Петр удостоверился, что никто их не подслушивает, и герцог продолжал:

— Да, так не хотите ли передать сей рапорт шведскому королю с моим братским приветом и пожеланием успеха?

Петр, держа в руке донесение Маррадаса, молчал.

— Значит, не хотите, — заключил герцог. — Тогда верните мне документ. И проваливайте к своему покровителю, Святому отцу. Он-то найдет для вас поручение поинтереснее и повыгоднее. Слыхал я, Его Преосвященство кардинал Ришелье страдает геморроем. Так, может, папа пошлет вас в Париж с отпечатанной молитвочкой к святой Екатерине, которая, приложенная к больному месту, чудесным образом успокаивает боли. Вот задание, достойное Петра Куканя, который только что медвежьей лапой вторгся в историю Европы. Однако не воображайте, что папа похвалит вас за то, что вы так отличились. Штука в том, что он никогда об этом не узнает и в истории раз и навсегда будет записано, что герцог Альбрехт из Вальдштейна за все время регенсбургского сейма спокойно сидел в Меммингене, и когда императорские посланцы явились к нему с официальным объявлением отставки, он радостно воскликнул: «Вы не могли, господа, принести мне более приятного известия! Я и сам, если б присутствовал на сейме, не мог бы посоветовать императору ничего лучшего». Что-нибудь в этом роде я скажу официальным лицам, когда приму их в Меммингене. Кого бы мог послать Габсбург? Пикколомини? Этого — нет, этот слишком спесив, чтоб принять такую миссию. Или Маррадаса? Слишком хитер и труслив. Тилли? О нем и речи быть не может. Или папашу Квестенберга, пардон, придворного советника Квестенберга, именовавшего меня королем Фридляндским?

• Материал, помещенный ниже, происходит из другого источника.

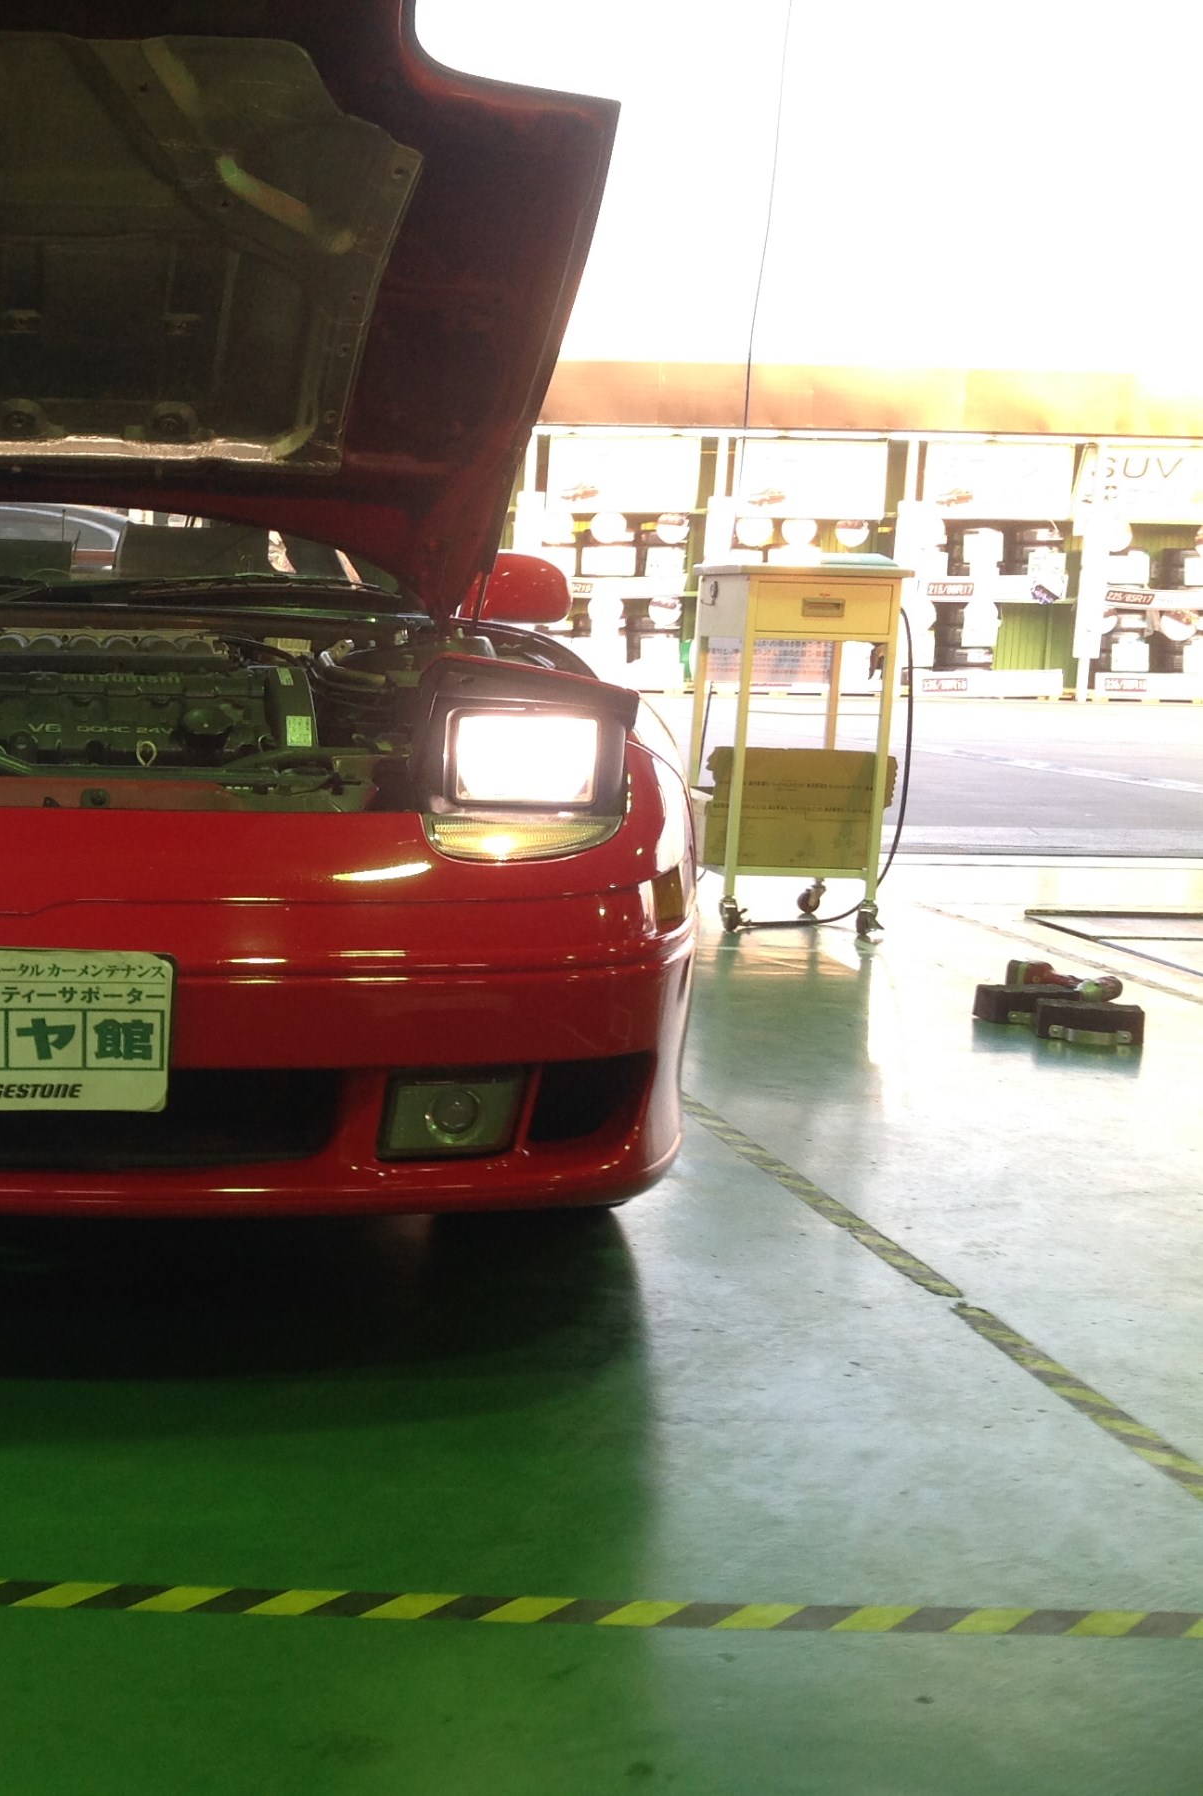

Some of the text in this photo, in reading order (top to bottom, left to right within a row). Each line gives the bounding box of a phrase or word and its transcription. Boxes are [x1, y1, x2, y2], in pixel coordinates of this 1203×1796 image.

[1105, 457, 1183, 478] SUV
[27, 723, 174, 735] V6 DOHC 24V

Этот бы подошел. Пускай получит удовольствие в награду за лизоблюдство. Но кто бы ни приехал от императора, я там буду раньше их, ведь путешествовать с полными штанами не очень удобно, а они наверняка наложат полные штаны. Потому что знают — я ведь тоже могу разъяриться и забыть о правилах благовоспитанности, да и повесить их, как то учинил мой прекрасный двойник с Маррадасовым курьером, запомнив, что я велел ему время от времени выходить из вальдштейнской меланхолии и впадать в вальдштейнское бешенство. Как бы там ни было, а о Петре Кукане не будет упомянуто ни словечком. Петр Кукань из Кукани останется по-прежнему безвестным, а его роль в этом деле скрытой. Вы не честолюбивы? Не тщеславны? Нет? Будьте рады, потому что если б были — почернели бы от ярости при этой мысли.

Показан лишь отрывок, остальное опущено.